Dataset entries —
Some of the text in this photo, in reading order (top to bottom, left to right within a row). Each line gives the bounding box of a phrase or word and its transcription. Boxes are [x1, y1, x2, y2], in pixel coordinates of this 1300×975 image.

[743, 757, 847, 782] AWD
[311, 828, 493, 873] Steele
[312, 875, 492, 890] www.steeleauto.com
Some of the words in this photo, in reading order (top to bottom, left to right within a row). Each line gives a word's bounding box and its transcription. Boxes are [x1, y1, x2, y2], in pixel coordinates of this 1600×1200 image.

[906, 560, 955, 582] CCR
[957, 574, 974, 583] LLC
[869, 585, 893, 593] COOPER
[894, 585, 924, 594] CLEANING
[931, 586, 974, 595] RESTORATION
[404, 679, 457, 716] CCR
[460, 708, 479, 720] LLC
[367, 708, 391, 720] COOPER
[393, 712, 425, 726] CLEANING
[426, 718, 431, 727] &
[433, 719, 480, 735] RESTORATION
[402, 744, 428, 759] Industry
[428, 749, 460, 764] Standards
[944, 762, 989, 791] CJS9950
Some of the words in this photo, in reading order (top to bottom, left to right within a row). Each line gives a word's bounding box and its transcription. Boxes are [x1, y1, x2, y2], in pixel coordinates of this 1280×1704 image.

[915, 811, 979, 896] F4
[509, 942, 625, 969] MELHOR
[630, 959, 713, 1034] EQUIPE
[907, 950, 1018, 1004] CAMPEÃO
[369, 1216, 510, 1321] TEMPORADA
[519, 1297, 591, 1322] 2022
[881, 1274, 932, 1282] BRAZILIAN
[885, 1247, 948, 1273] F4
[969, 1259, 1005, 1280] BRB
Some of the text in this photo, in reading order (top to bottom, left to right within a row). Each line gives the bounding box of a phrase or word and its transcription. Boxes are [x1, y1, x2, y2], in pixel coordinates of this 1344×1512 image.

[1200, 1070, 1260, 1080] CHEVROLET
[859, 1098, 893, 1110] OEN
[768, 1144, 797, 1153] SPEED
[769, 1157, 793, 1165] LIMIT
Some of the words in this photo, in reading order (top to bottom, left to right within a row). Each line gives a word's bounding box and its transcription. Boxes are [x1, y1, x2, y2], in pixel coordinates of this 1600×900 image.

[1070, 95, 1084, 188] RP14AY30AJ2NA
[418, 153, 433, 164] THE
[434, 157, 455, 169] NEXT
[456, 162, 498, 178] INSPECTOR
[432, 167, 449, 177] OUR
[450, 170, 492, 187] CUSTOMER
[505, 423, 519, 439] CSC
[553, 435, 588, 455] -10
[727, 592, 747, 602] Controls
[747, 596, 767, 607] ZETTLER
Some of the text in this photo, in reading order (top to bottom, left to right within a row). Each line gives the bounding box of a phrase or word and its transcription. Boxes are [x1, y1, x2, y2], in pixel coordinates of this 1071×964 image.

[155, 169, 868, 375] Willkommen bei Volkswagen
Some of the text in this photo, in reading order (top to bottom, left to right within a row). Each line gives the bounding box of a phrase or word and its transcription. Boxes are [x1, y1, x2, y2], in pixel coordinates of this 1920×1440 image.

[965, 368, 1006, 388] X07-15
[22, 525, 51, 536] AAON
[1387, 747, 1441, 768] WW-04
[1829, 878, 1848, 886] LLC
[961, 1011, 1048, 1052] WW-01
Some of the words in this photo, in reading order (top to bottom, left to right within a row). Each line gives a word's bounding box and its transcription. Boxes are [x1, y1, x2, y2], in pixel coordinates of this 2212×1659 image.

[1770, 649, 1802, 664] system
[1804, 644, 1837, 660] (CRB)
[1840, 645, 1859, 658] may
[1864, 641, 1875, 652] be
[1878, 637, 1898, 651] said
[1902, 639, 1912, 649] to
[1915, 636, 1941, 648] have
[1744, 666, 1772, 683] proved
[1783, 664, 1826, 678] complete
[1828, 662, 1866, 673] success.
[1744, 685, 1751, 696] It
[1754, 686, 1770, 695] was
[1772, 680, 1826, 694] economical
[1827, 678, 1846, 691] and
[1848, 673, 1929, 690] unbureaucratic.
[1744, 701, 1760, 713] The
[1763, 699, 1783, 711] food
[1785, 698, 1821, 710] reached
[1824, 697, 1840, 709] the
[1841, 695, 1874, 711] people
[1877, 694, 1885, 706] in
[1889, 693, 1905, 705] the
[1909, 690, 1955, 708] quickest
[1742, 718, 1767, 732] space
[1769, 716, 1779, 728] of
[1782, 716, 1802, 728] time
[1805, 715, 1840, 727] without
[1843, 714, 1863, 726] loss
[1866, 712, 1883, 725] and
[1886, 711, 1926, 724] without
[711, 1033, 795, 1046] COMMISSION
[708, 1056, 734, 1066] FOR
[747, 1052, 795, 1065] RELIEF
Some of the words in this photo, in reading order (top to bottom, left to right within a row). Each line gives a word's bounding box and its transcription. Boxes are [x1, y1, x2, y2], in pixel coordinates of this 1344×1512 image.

Task — Send back each record exactly as it stands.

Answer box —
Some of the text in this photo, in reading order (top to bottom, left to right within a row). Each line gives the bounding box of a phrase or word and its transcription. Boxes are [x1, y1, x2, y2], in pixel coordinates of this 1300×975 image.

[743, 757, 847, 782] AWD
[311, 828, 493, 873] Steele
[312, 875, 492, 890] www.steeleauto.com
Some of the words in this photo, in reading order (top to bottom, left to right within a row). Each line gives a word's bounding box and its transcription. Boxes are [x1, y1, x2, y2], in pixel coordinates of this 1600×1200 image.

[906, 560, 955, 582] CCR
[957, 574, 974, 583] LLC
[869, 585, 893, 593] COOPER
[894, 585, 924, 594] CLEANING
[931, 586, 974, 595] RESTORATION
[404, 679, 457, 716] CCR
[460, 708, 479, 720] LLC
[367, 708, 391, 720] COOPER
[393, 712, 425, 726] CLEANING
[426, 718, 431, 727] &
[433, 719, 480, 735] RESTORATION
[402, 744, 428, 759] Industry
[428, 749, 460, 764] Standards
[944, 762, 989, 791] CJS9950
Some of the words in this photo, in reading order (top to bottom, left to right within a row). Each line gives a word's bounding box and its transcription. Boxes are [x1, y1, x2, y2], in pixel coordinates of this 1280×1704 image.

[915, 811, 979, 896] F4
[509, 942, 625, 969] MELHOR
[630, 959, 713, 1034] EQUIPE
[907, 950, 1018, 1004] CAMPEÃO
[369, 1216, 510, 1321] TEMPORADA
[519, 1297, 591, 1322] 2022
[881, 1274, 932, 1282] BRAZILIAN
[885, 1247, 948, 1273] F4
[969, 1259, 1005, 1280] BRB
Some of the text in this photo, in reading order (top to bottom, left to right within a row). Each line gives the bounding box of a phrase or word and its transcription. Boxes are [x1, y1, x2, y2], in pixel coordinates of this 1344×1512 image.

[1200, 1070, 1260, 1080] CHEVROLET
[859, 1098, 893, 1110] OEN
[768, 1144, 797, 1153] SPEED
[769, 1157, 793, 1165] LIMIT
Some of the words in this photo, in reading order (top to bottom, left to right within a row). Each line gives a word's bounding box and its transcription. Boxes are [x1, y1, x2, y2], in pixel coordinates of this 1600×900 image.

[1070, 95, 1084, 188] RP14AY30AJ2NA
[418, 153, 433, 164] THE
[434, 157, 455, 169] NEXT
[456, 162, 498, 178] INSPECTOR
[432, 167, 449, 177] OUR
[450, 170, 492, 187] CUSTOMER
[505, 423, 519, 439] CSC
[553, 435, 588, 455] -10
[727, 592, 747, 602] Controls
[747, 596, 767, 607] ZETTLER
Some of the text in this photo, in reading order (top to bottom, left to right within a row). Each line gives the bounding box of a phrase or word and its transcription. Boxes are [x1, y1, x2, y2], in pixel coordinates of this 1071×964 image.

[155, 169, 868, 375] Willkommen bei Volkswagen
Some of the text in this photo, in reading order (top to bottom, left to right within a row). Each line gives the bounding box of a phrase or word and its transcription. Boxes are [x1, y1, x2, y2], in pixel coordinates of this 1920×1440 image.

[965, 368, 1006, 388] X07-15
[22, 525, 51, 536] AAON
[1387, 747, 1441, 768] WW-04
[1829, 878, 1848, 886] LLC
[961, 1011, 1048, 1052] WW-01
Some of the words in this photo, in reading order (top to bottom, left to right within a row). Each line gives a word's bounding box and its transcription. Boxes are [x1, y1, x2, y2], in pixel coordinates of this 2212×1659 image.

[1770, 649, 1802, 664] system
[1804, 644, 1837, 660] (CRB)
[1840, 645, 1859, 658] may
[1864, 641, 1875, 652] be
[1878, 637, 1898, 651] said
[1902, 639, 1912, 649] to
[1915, 636, 1941, 648] have
[1744, 666, 1772, 683] proved
[1783, 664, 1826, 678] complete
[1828, 662, 1866, 673] success.
[1744, 685, 1751, 696] It
[1754, 686, 1770, 695] was
[1772, 680, 1826, 694] economical
[1827, 678, 1846, 691] and
[1848, 673, 1929, 690] unbureaucratic.
[1744, 701, 1760, 713] The
[1763, 699, 1783, 711] food
[1785, 698, 1821, 710] reached
[1824, 697, 1840, 709] the
[1841, 695, 1874, 711] people
[1877, 694, 1885, 706] in
[1889, 693, 1905, 705] the
[1909, 690, 1955, 708] quickest
[1742, 718, 1767, 732] space
[1769, 716, 1779, 728] of
[1782, 716, 1802, 728] time
[1805, 715, 1840, 727] without
[1843, 714, 1863, 726] loss
[1866, 712, 1883, 725] and
[1886, 711, 1926, 724] without
[711, 1033, 795, 1046] COMMISSION
[708, 1056, 734, 1066] FOR
[747, 1052, 795, 1065] RELIEF
Some of the words in this photo, in reading order (top to bottom, left to right within a row). Each line gives a word's bounding box and its transcription. Boxes are [x1, y1, x2, y2], in pixel coordinates of this 1344×1512 image.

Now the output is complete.